Analysis of genetic variability for wheat grain fructans

Description of the topic

Fructans are functional food ingredients that deserve attention for their potential health benefits. They selectively promote the growth of beneficial bifidobacteria in the human gut, making the digestive system work more effectively, thereby increasing the absorption of more beneficial nutrients, particularly calcium and iron. Iron availability and absorption are particularly important, given that billions of people are iron deficient. Significant genotypic variation has been described for these bioactive components, with grain fructans content ranging from 0.7 to 2.9% of grain dry weight. There is no evidence of strong genotype-by-environment interaction, and therefore breeding approaches could be carried out to increase fructans content. For this purpose, the first step is to analyze the genetic variability in current CIMMYT lines to have an idea the available genetic variability.
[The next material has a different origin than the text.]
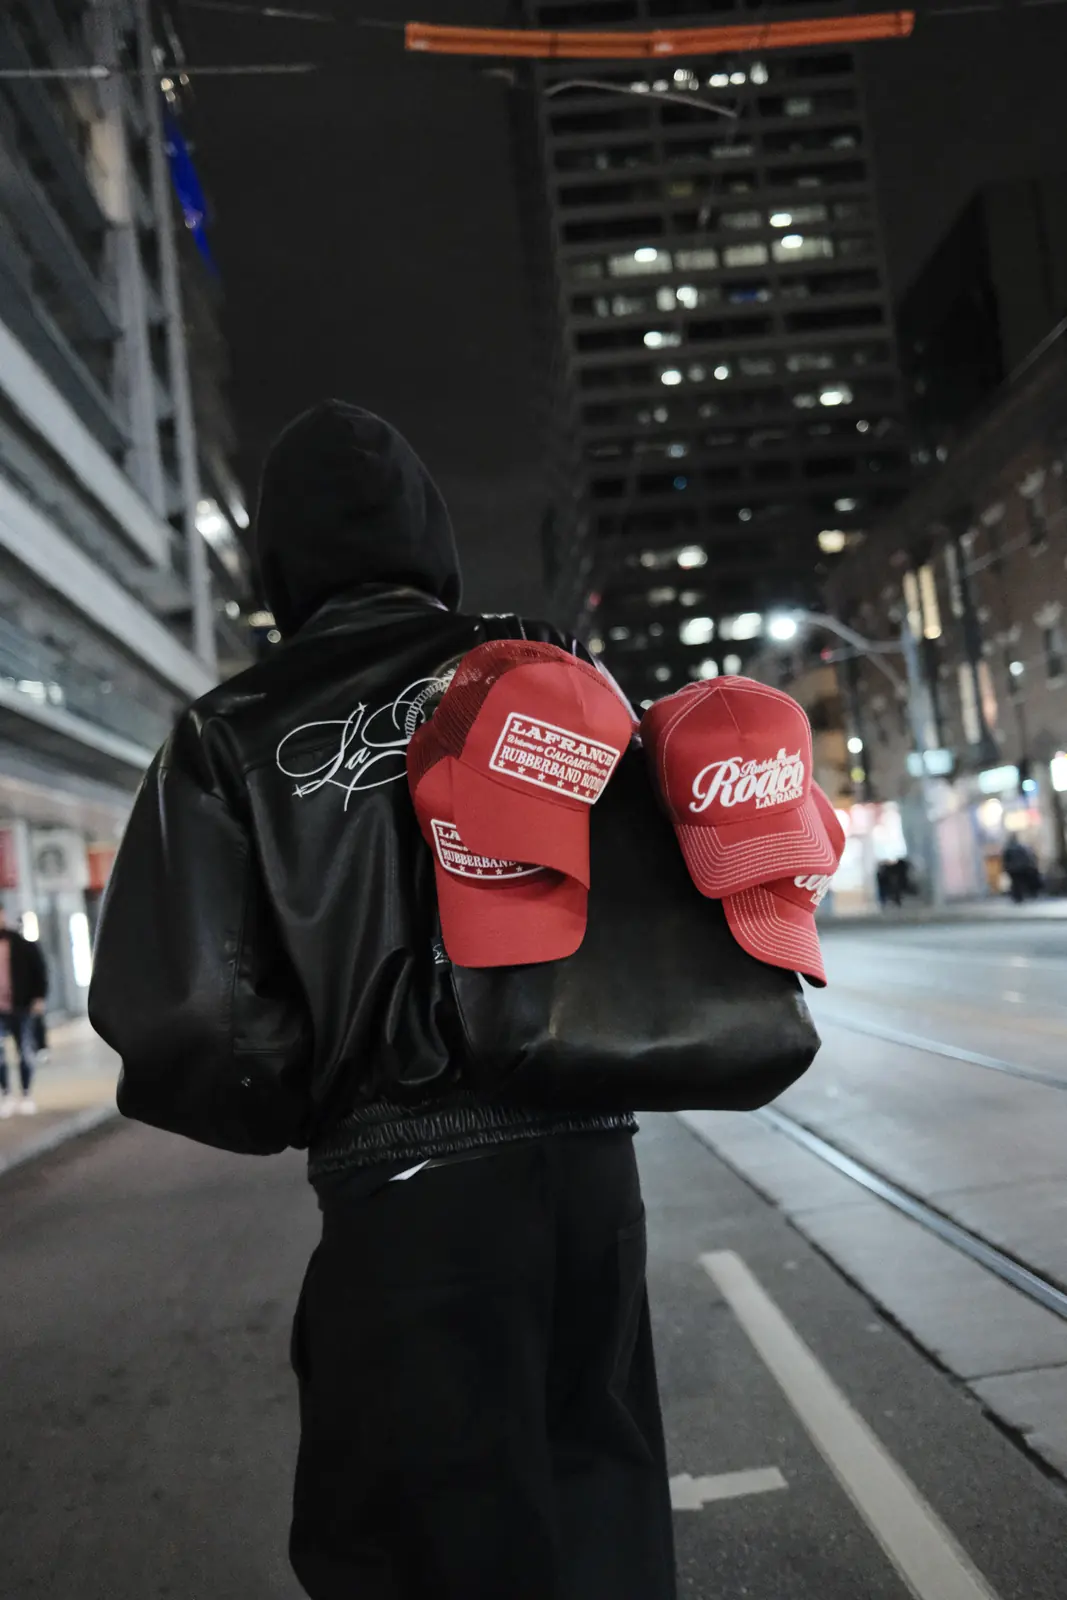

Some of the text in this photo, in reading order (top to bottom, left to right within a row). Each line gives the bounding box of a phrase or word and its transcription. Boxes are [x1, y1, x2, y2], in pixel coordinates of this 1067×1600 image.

This step also involves developing/validating a high-throughput methodology to quickly quantify grain fructans at a low cost, which is necessary when analyzing large numbers of lines developed by the breeding program.

Work expectations

The candidate will be in charge of developing, testing and validating different high-throughput protocols to analyze wheat grain fructans and to screen for fructans concentration in different sets of wheat samples, in order to have an idea of the genetic variability for this trait in CIMMYT germplasm. Those sets will include different wheat lines grown in different environments to analyze environmental and GxE effects on fructans concentration. The student will be responsible for analyzing the results and publishing them in an SCI journal.

Required skills

Ability to work with chemical/biochemical methodologies in the laboratory.